[Text-to-region grounding data]
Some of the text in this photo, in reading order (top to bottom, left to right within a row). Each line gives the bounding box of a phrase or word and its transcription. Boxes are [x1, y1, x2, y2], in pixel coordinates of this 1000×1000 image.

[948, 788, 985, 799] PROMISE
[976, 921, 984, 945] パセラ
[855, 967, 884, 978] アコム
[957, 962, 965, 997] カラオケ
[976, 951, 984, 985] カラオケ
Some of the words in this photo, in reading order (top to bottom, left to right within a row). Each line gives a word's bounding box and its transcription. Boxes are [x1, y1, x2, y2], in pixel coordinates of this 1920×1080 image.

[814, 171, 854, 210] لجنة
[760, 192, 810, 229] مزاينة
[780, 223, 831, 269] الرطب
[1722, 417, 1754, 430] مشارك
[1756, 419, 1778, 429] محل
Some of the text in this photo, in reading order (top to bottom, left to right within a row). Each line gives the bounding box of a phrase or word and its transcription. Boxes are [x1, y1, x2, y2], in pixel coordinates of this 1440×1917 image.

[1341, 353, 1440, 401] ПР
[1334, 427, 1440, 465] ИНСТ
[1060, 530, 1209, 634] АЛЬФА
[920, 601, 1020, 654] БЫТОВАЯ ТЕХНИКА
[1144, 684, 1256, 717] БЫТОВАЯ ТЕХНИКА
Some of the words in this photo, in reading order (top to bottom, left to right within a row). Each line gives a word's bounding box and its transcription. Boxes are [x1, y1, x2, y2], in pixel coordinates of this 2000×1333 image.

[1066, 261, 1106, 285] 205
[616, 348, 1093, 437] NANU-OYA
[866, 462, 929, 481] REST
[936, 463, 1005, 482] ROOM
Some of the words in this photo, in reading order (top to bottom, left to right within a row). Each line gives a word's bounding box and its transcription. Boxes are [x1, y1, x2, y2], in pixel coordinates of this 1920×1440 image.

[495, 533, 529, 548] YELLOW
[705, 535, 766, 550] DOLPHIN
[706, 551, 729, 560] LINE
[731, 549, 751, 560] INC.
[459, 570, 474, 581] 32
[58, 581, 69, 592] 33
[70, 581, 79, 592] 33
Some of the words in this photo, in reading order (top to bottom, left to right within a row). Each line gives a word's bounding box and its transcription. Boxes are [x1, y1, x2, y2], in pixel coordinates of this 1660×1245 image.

● **Work instruction**: The reply is to be an exact repeat of the records above.

● **Response to this exercise**:
Some of the text in this photo, in reading order (top to bottom, left to right within a row). Each line gives the bounding box of a phrase or word and its transcription. Boxes are [x1, y1, x2, y2], in pixel coordinates of this 1000×1000 image.

[948, 788, 985, 799] PROMISE
[976, 921, 984, 945] パセラ
[855, 967, 884, 978] アコム
[957, 962, 965, 997] カラオケ
[976, 951, 984, 985] カラオケ
Some of the words in this photo, in reading order (top to bottom, left to right within a row). Each line gives a word's bounding box and its transcription. Boxes are [x1, y1, x2, y2], in pixel coordinates of this 1920×1080 image.

[814, 171, 854, 210] لجنة
[760, 192, 810, 229] مزاينة
[780, 223, 831, 269] الرطب
[1722, 417, 1754, 430] مشارك
[1756, 419, 1778, 429] محل
Some of the text in this photo, in reading order (top to bottom, left to right within a row). Each line gives the bounding box of a phrase or word and its transcription. Boxes are [x1, y1, x2, y2], in pixel coordinates of this 1440×1917 image.

[1341, 353, 1440, 401] ПР
[1334, 427, 1440, 465] ИНСТ
[1060, 530, 1209, 634] АЛЬФА
[920, 601, 1020, 654] БЫТОВАЯ ТЕХНИКА
[1144, 684, 1256, 717] БЫТОВАЯ ТЕХНИКА
Some of the words in this photo, in reading order (top to bottom, left to right within a row). Each line gives a word's bounding box and its transcription. Boxes are [x1, y1, x2, y2], in pixel coordinates of this 2000×1333 image.

[1066, 261, 1106, 285] 205
[616, 348, 1093, 437] NANU-OYA
[866, 462, 929, 481] REST
[936, 463, 1005, 482] ROOM
Some of the words in this photo, in reading order (top to bottom, left to right within a row). Each line gives a word's bounding box and its transcription. Boxes are [x1, y1, x2, y2], in pixel coordinates of this 1920×1440 image.

[495, 533, 529, 548] YELLOW
[705, 535, 766, 550] DOLPHIN
[706, 551, 729, 560] LINE
[731, 549, 751, 560] INC.
[459, 570, 474, 581] 32
[58, 581, 69, 592] 33
[70, 581, 79, 592] 33
Some of the words in this photo, in reading order (top to bottom, left to right within a row). Each line gives a word's bounding box and its transcription. Boxes are [x1, y1, x2, y2], in pixel coordinates of this 1660×1245 image.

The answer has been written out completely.